When you reach a picture, skip it, and retype every line below exactly.

-------- Provided data

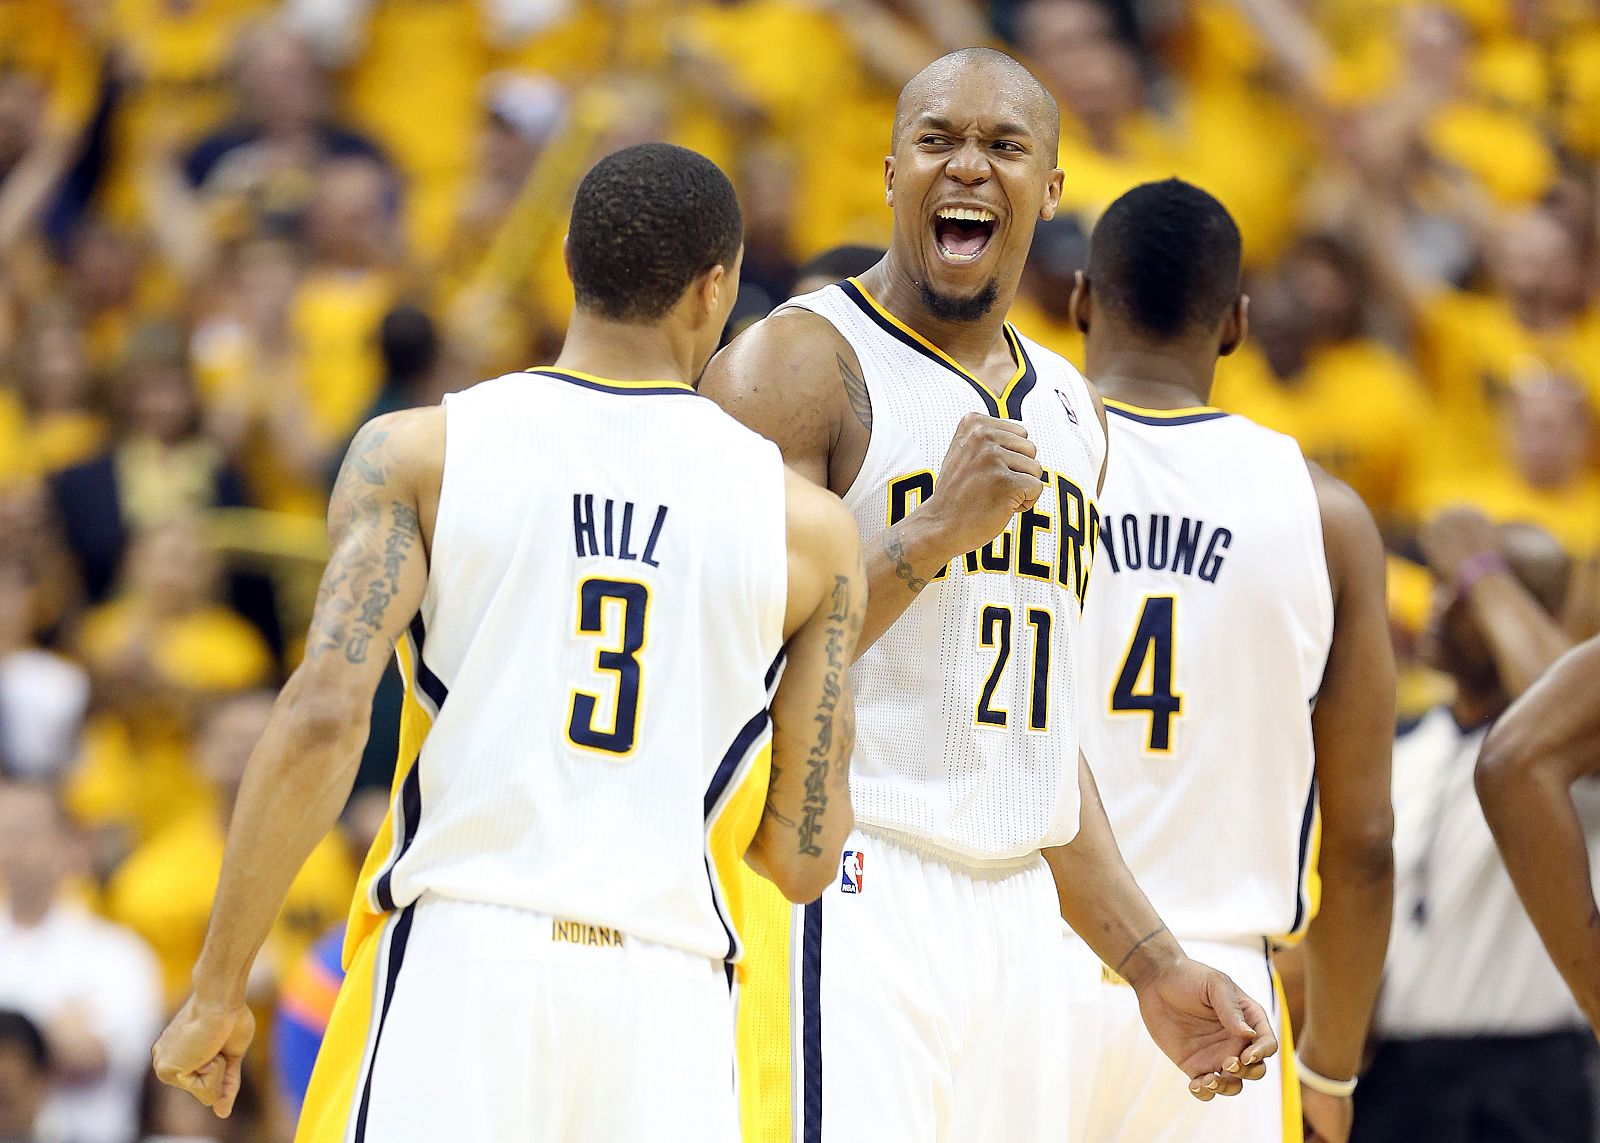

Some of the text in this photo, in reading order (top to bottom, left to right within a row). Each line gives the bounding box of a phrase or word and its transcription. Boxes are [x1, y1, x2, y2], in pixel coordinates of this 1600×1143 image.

[573, 493, 668, 568] HILL
[887, 465, 1099, 618] PERS
[1099, 513, 1232, 584] YOUNG
[564, 575, 651, 757] 3
[974, 602, 1053, 732] 21
[1108, 594, 1183, 753] 4
[552, 920, 624, 948] INDIANA
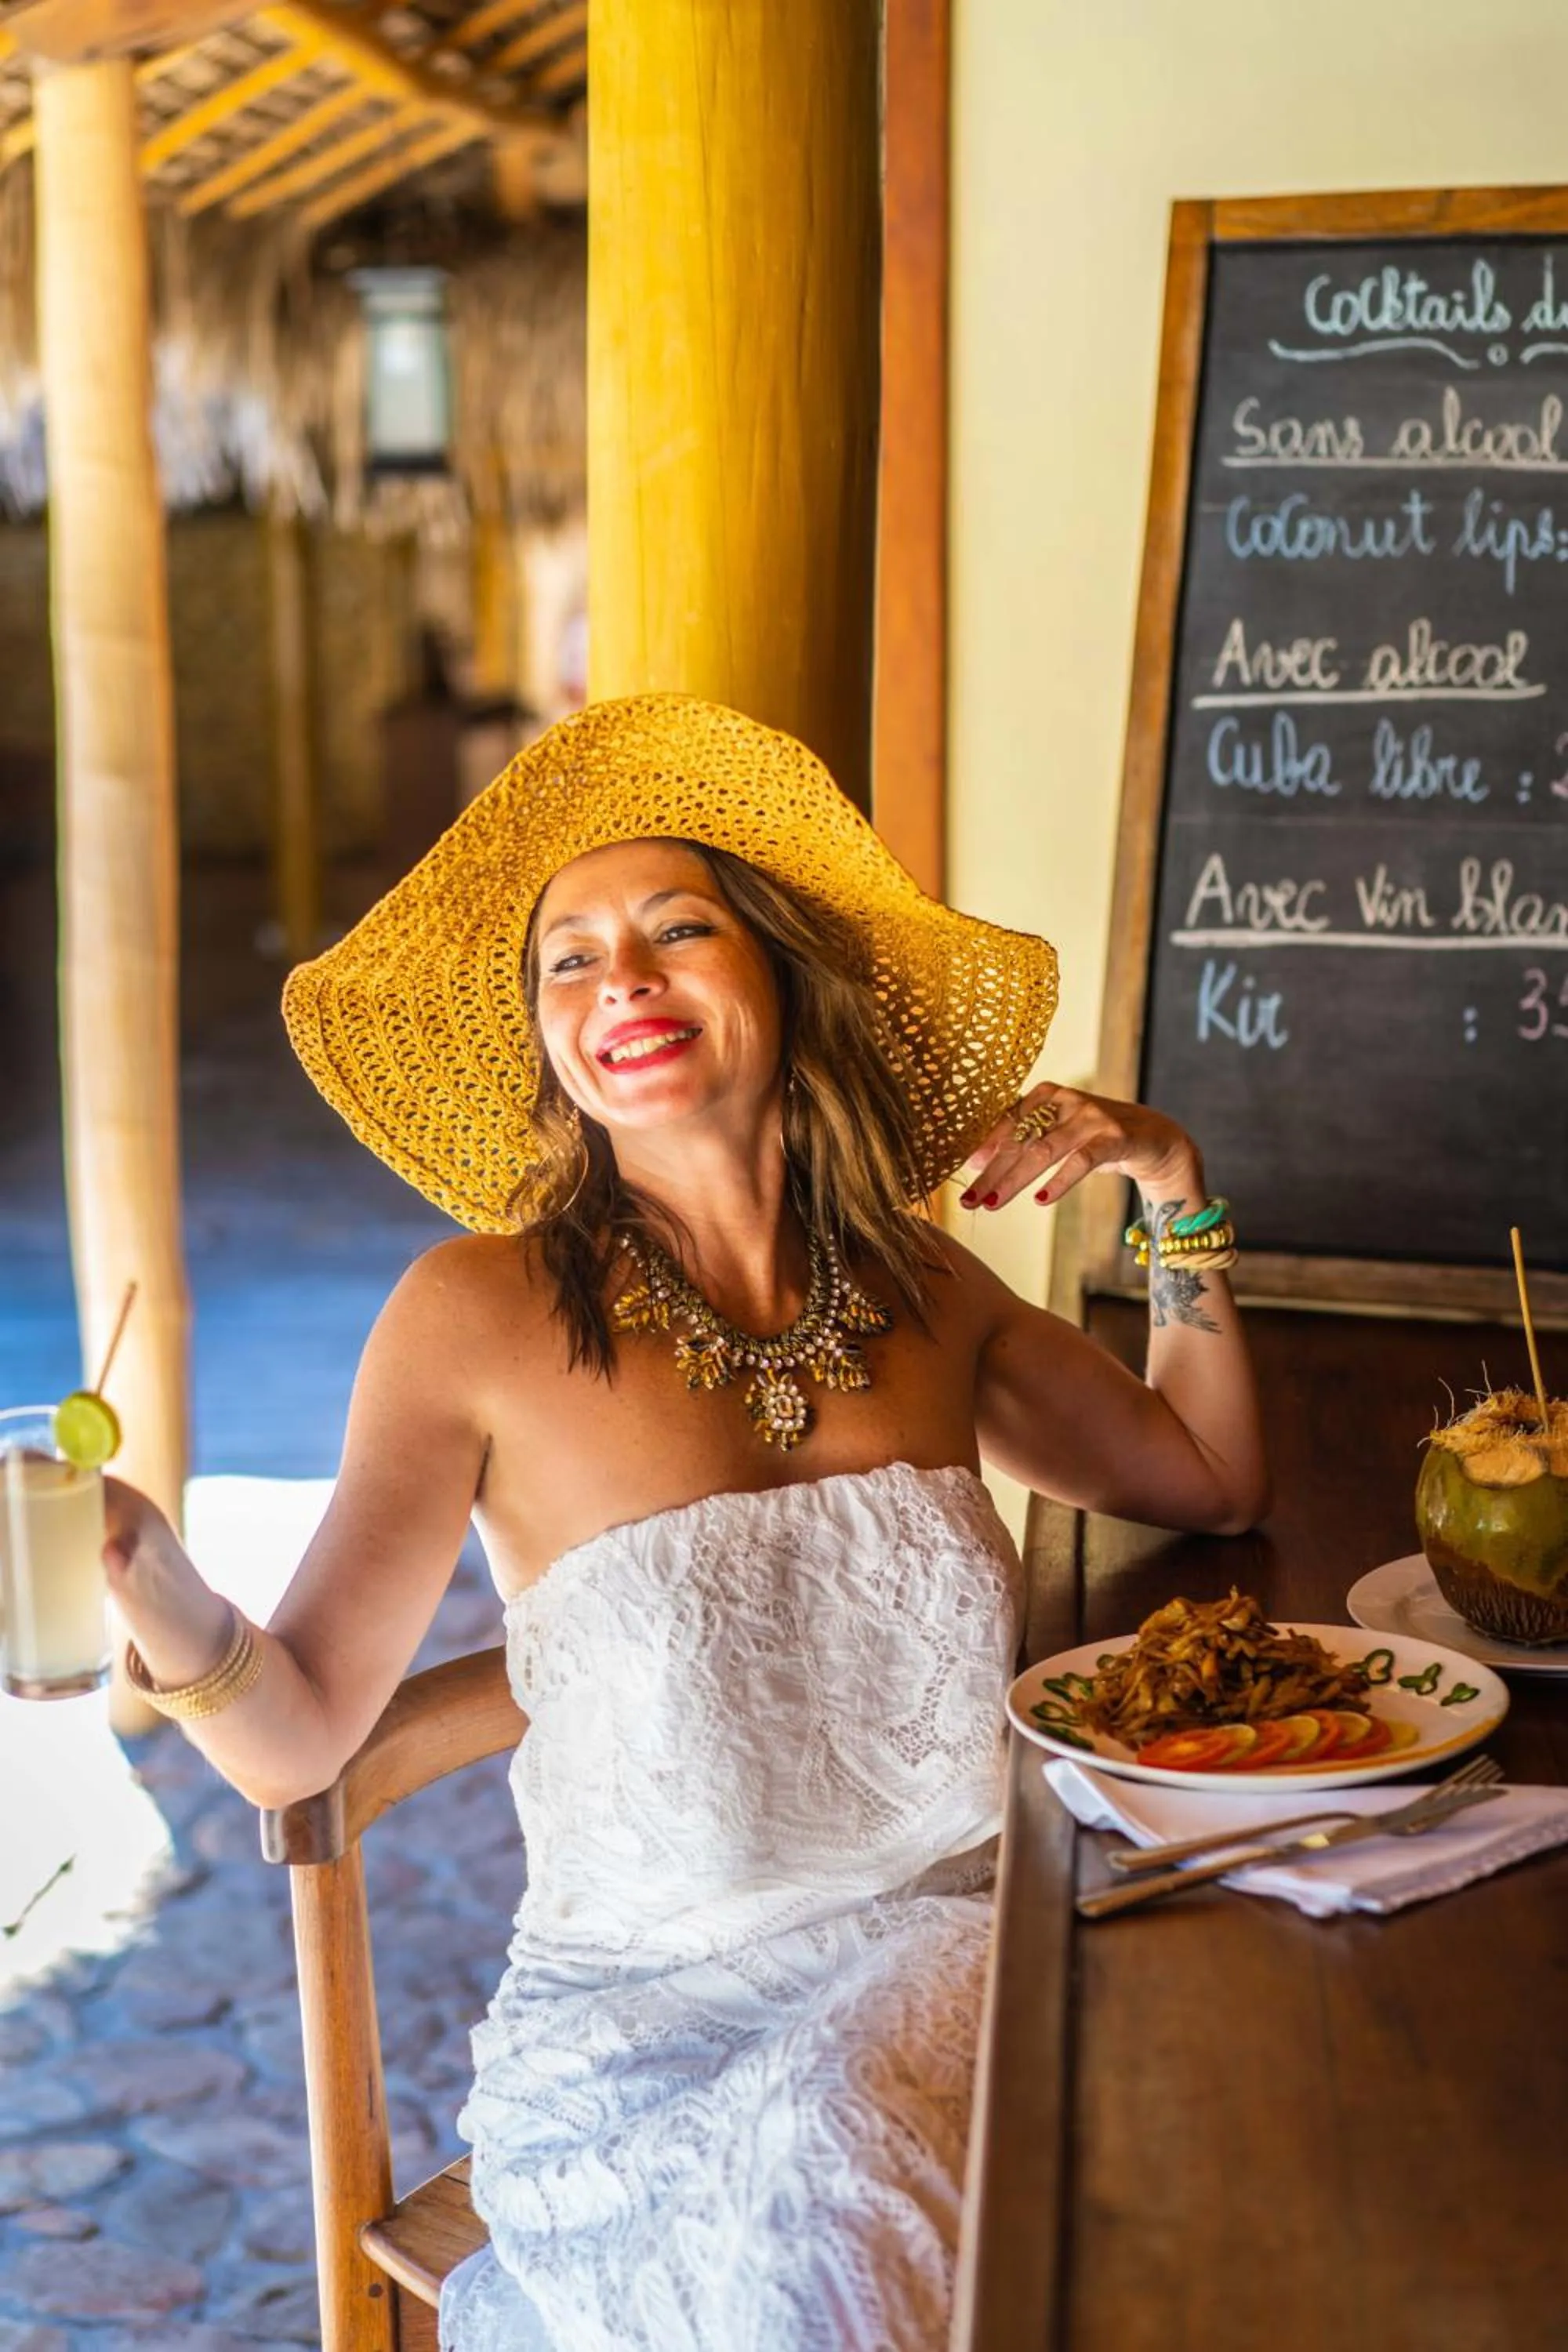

----------------

Result:
Some of the text in this photo, in reading order (top to bottom, left to right within a row). Each line gives the bounding box of a phrase or word and its transcription. Boxes are [x1, y1, x2, y2], in pixel coordinates of this 1600×1143 image.

[573, 493, 668, 568] HILL
[887, 465, 1099, 618] PERS
[1099, 513, 1232, 584] YOUNG
[564, 575, 651, 757] 3
[974, 602, 1053, 732] 21
[1108, 594, 1183, 753] 4
[552, 920, 624, 948] INDIANA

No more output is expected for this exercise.